Recently I was working on a project, where a workflow was running through a list of reviewers and was assigning them tasks, but because there it was possible to have multiple tasks assigned to multiple users at the same time, it just wasn't possible to simply use the "Wait for task completion" configuration option.
I decided not to use it and instead to use a "pause" action, so that after tasks are assigned workflow just loops and checks if all or any from the created are completed.
And everything seemed ok, from the architecture point of view, however I realized, that my workflow is actually not... pausing! I tried recreating the pause action, moving it to a different location in the workflow - nothing seemed to help.

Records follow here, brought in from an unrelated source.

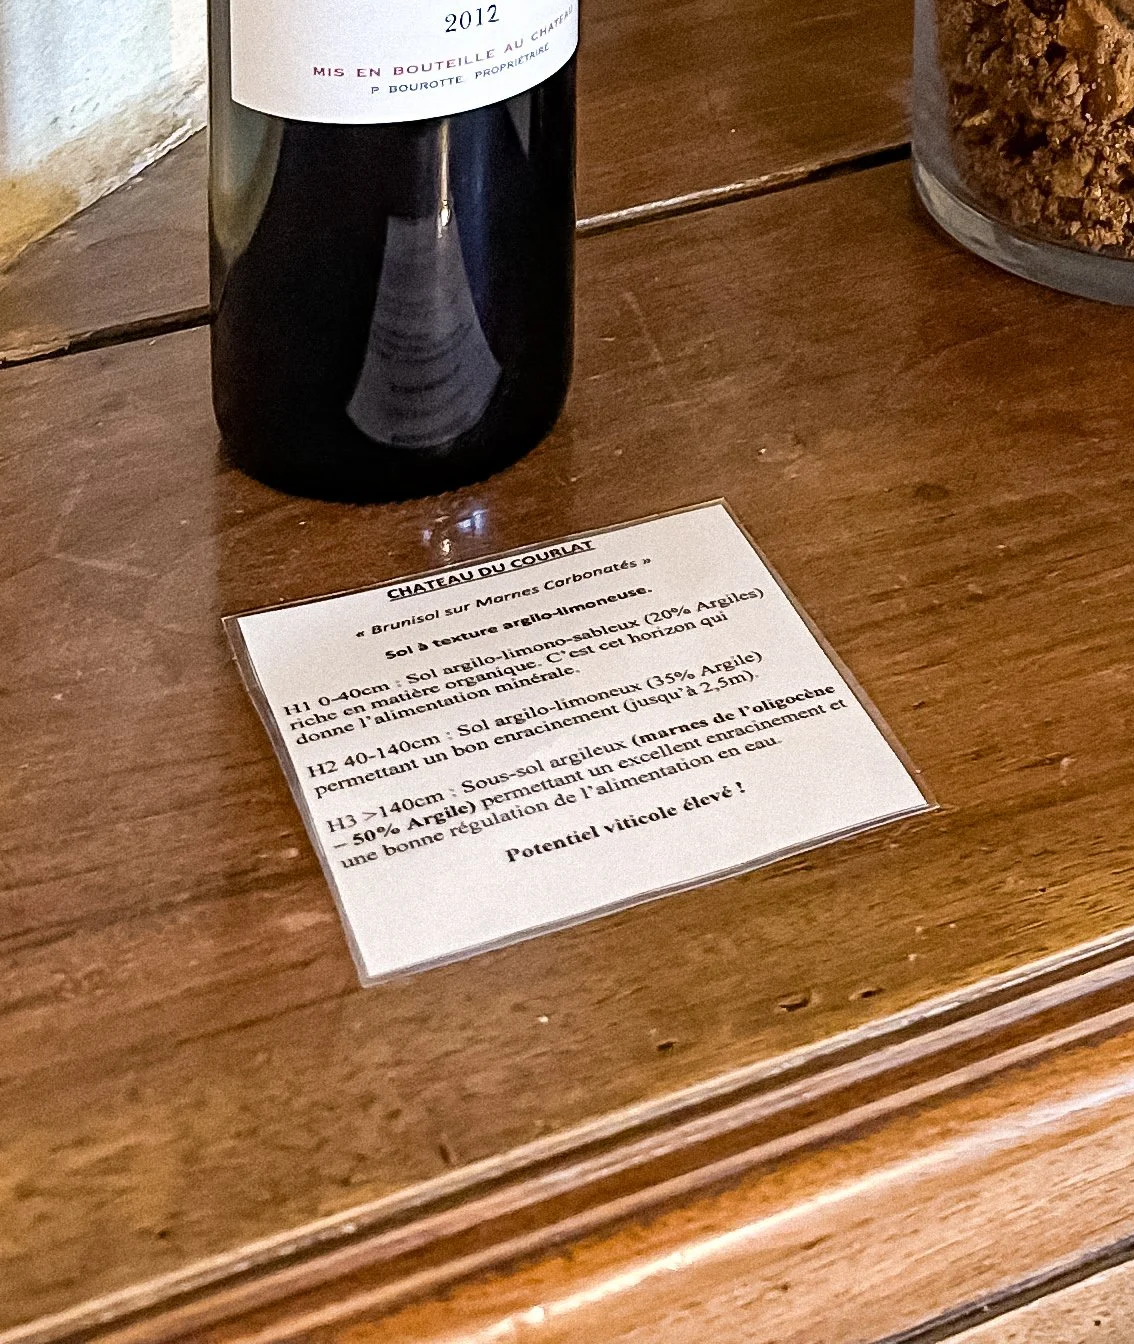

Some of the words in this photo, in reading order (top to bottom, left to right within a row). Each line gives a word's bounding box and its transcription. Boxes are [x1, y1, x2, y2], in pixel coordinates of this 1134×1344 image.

[313, 66, 345, 77] MIS
[356, 67, 381, 78] EN
[393, 48, 496, 76] BOUTEILLE
[504, 38, 524, 54] AU
[531, 4, 573, 41] CHATEAU
[445, 4, 500, 33] 2012
[389, 75, 464, 94] BOUROTTE
[372, 610, 439, 635] Brunisol
[445, 603, 470, 616] sur
[476, 587, 540, 608] Marnes
[544, 560, 637, 590] Carbonatés
[387, 571, 474, 600] CHATEAU
[478, 563, 508, 578] DU
[510, 540, 596, 570] COURLAT
[283, 701, 310, 716] H1
[318, 684, 390, 706] 0-40cm
[406, 669, 438, 684] Sol
[443, 620, 640, 675] argilo-limono-sableux
[644, 606, 691, 625] (20%
[697, 588, 764, 612] Argiles)
[385, 646, 413, 659] Sol
[418, 643, 429, 651] à
[432, 627, 498, 647] texture
[502, 588, 652, 630] argilo-limoneuse.
[290, 712, 337, 731] riche
[343, 705, 366, 716] en
[371, 686, 440, 709] matière
[445, 661, 542, 689] organique.
[599, 638, 626, 650] cet
[627, 622, 697, 644] horizon
[700, 611, 728, 627] qui
[296, 724, 354, 745] donne
[495, 667, 580, 693] minérale.
[307, 761, 338, 778] H2
[344, 736, 441, 767] 40-140cm
[457, 719, 490, 736] Sol
[494, 683, 642, 727] argilo-limoneux
[646, 670, 696, 689] (35%
[701, 651, 762, 677] Argile)
[314, 759, 419, 799] permettant
[423, 752, 448, 765] un
[450, 741, 489, 756] bon
[494, 705, 620, 745] enracinement
[699, 670, 758, 693] 2,5m).
[326, 814, 357, 833] H3
[363, 793, 445, 820] >140cm
[461, 760, 545, 793] Sous-sol
[550, 741, 628, 768] argileux
[632, 720, 709, 747] (marnes
[713, 713, 735, 724] de
[340, 851, 378, 868] une
[382, 823, 444, 856] bonne
[444, 802, 549, 837] régulation
[554, 793, 576, 807] de
[718, 748, 741, 759] en
[744, 737, 782, 752] eau.
[353, 823, 400, 846] 50%
[407, 801, 476, 830] Argile)
[480, 771, 584, 810] permettant
[587, 764, 614, 777] un
[618, 738, 702, 769] excellent
[706, 705, 827, 744] enracinement
[830, 699, 848, 710] et
[505, 826, 600, 862] Potentiel
[603, 807, 677, 833] viticole
[683, 786, 732, 811] élevé

Finally I started to analyze how the workflow works, trying to understand why it doesn't pause, as in other workflows this action works fine, so that it cannot be related to any Nintex or SharePoint issues. What I realized a little surprised me.
Workflow configuration
Workflow Manager (that is the platform which runs and handles the workflows in Office 365) has couple of configuration options that are used to keep executions under control (source). In Office 365 however we are not allowed to change them (source), as we can in on-premise SharePoint. These are: Throttle, Batch size, Timeout, Workflow Timer Interval, Workflow Timer Instances. In fact in this case the most important is the "Batch size".
Batch size
This is the number of SPWorkItems that the workflow Timer Job will attempt to complete in one run. The default value is 100. By "one run" means that the workflow will attempt to execute all actions that were put into that batch once started. The Batch should be executed in no longer than 5 minutes (the default value for the Timeout configuration), however actions can be added to several batches.
To be sure, that actions in a single batch are completed, in Nintex on-premise versions we had the "Commit pending changes" action, that forces the workflow to wait for all actions from a batch to be completed, before moving on. However we have nothing similar in Office 365.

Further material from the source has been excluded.